**WHAT TO DO**
Go through the lines below and repeat each one exactly, skipping pictures.

Collected data
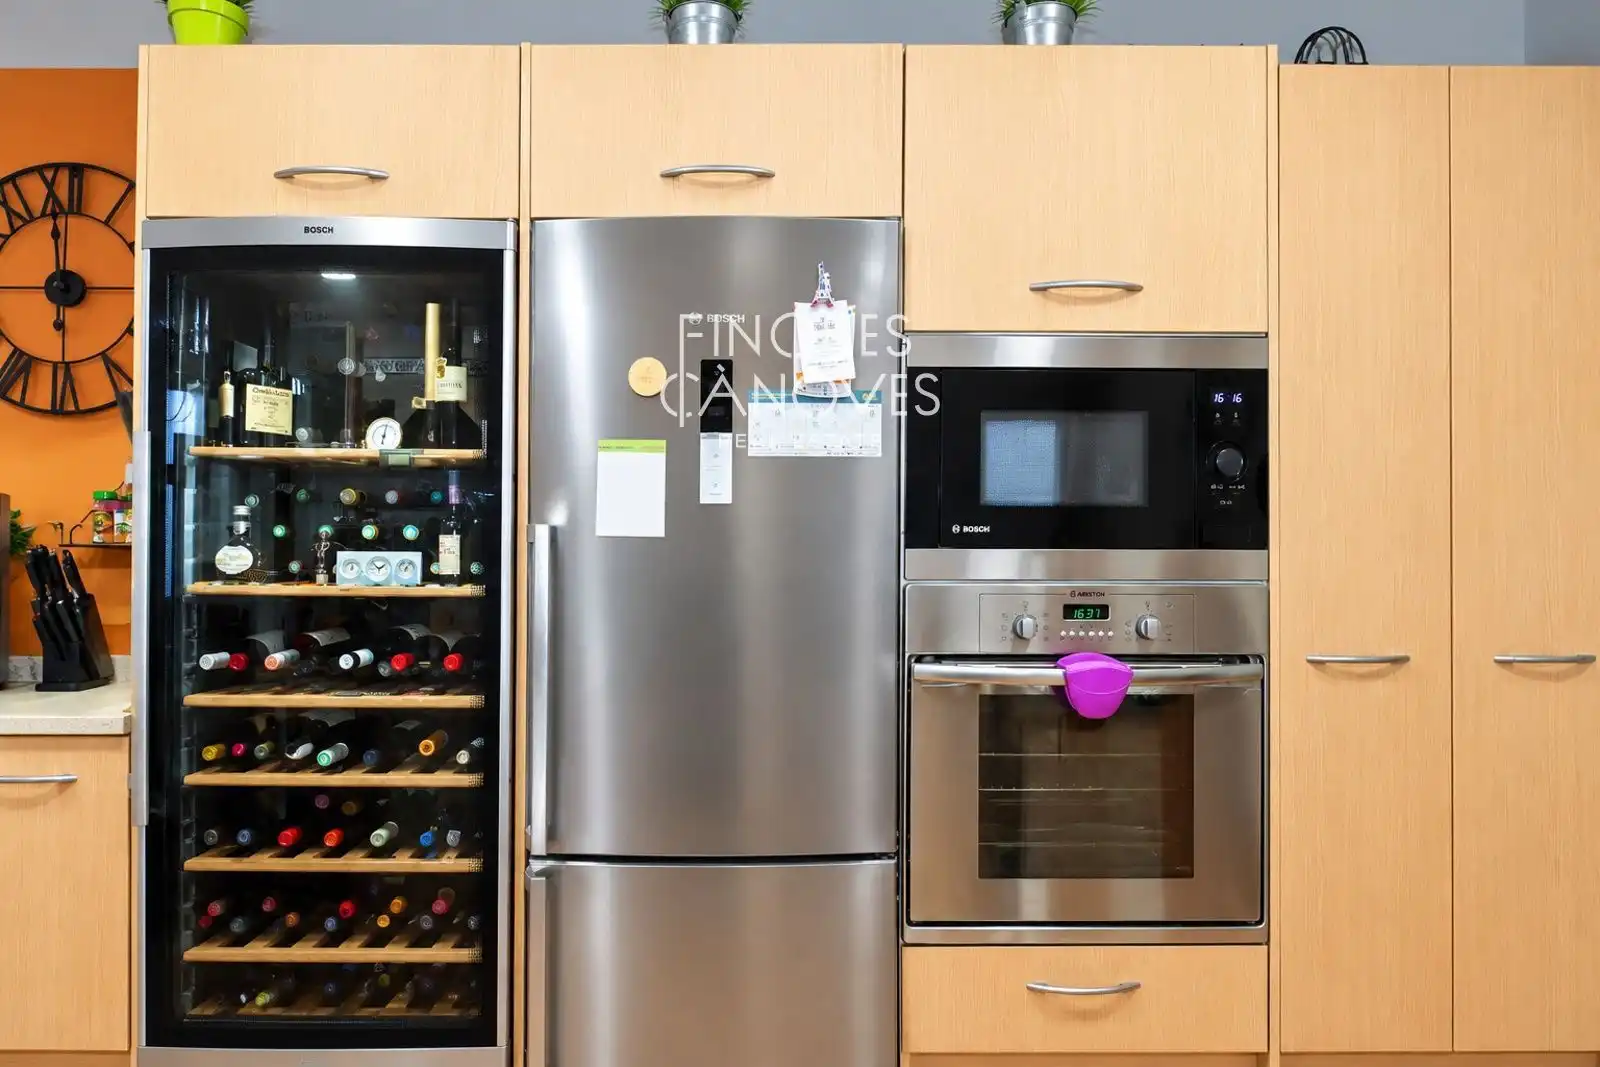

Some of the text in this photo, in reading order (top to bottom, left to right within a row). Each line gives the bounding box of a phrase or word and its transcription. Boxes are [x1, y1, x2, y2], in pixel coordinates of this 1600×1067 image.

[303, 226, 335, 235] BOSCH
[706, 313, 746, 324] BOSCH
[963, 525, 990, 533] BOSCH
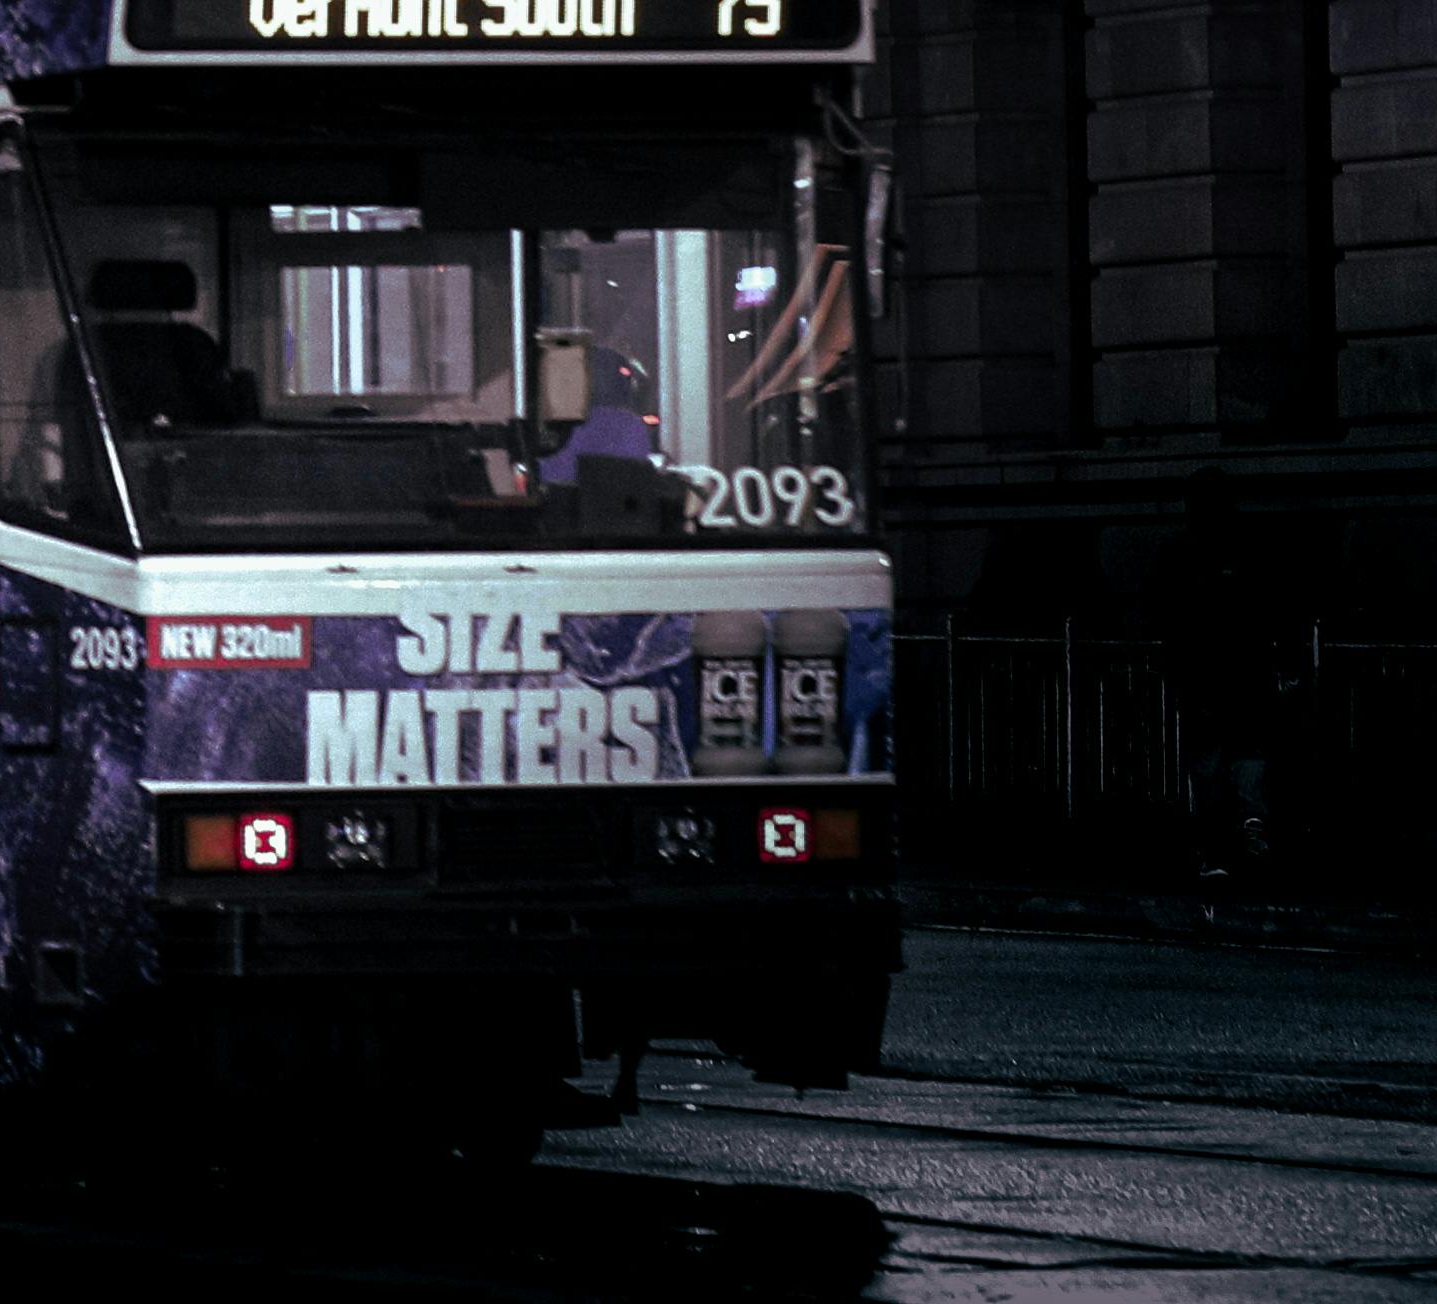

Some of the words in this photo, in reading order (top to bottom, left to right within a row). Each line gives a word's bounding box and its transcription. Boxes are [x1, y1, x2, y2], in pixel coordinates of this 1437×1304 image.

[699, 466, 854, 527] 2093
[70, 626, 137, 670] 2093
[161, 623, 216, 659] NEW
[221, 621, 302, 659] 320ml
[396, 610, 563, 676] SIZE
[306, 688, 660, 784] MATTERS

**OUTPUT OF THE EXERCISE**
Some of the text in this photo, in reading order (top to bottom, left to right within a row). Each line gives the bounding box of a phrase or word and its transcription. Boxes are [x1, y1, x2, y2], in pixel coordinates of this 1600×1067 image.

[303, 226, 335, 235] BOSCH
[706, 313, 746, 324] BOSCH
[963, 525, 990, 533] BOSCH

Some of the words in this photo, in reading order (top to bottom, left to right within a row). Each line gives a word's bounding box and its transcription. Boxes are [x1, y1, x2, y2], in pixel coordinates of this 1437×1304 image.

[699, 466, 854, 527] 2093
[70, 626, 137, 670] 2093
[161, 623, 216, 659] NEW
[221, 621, 302, 659] 320ml
[396, 610, 563, 676] SIZE
[306, 688, 660, 784] MATTERS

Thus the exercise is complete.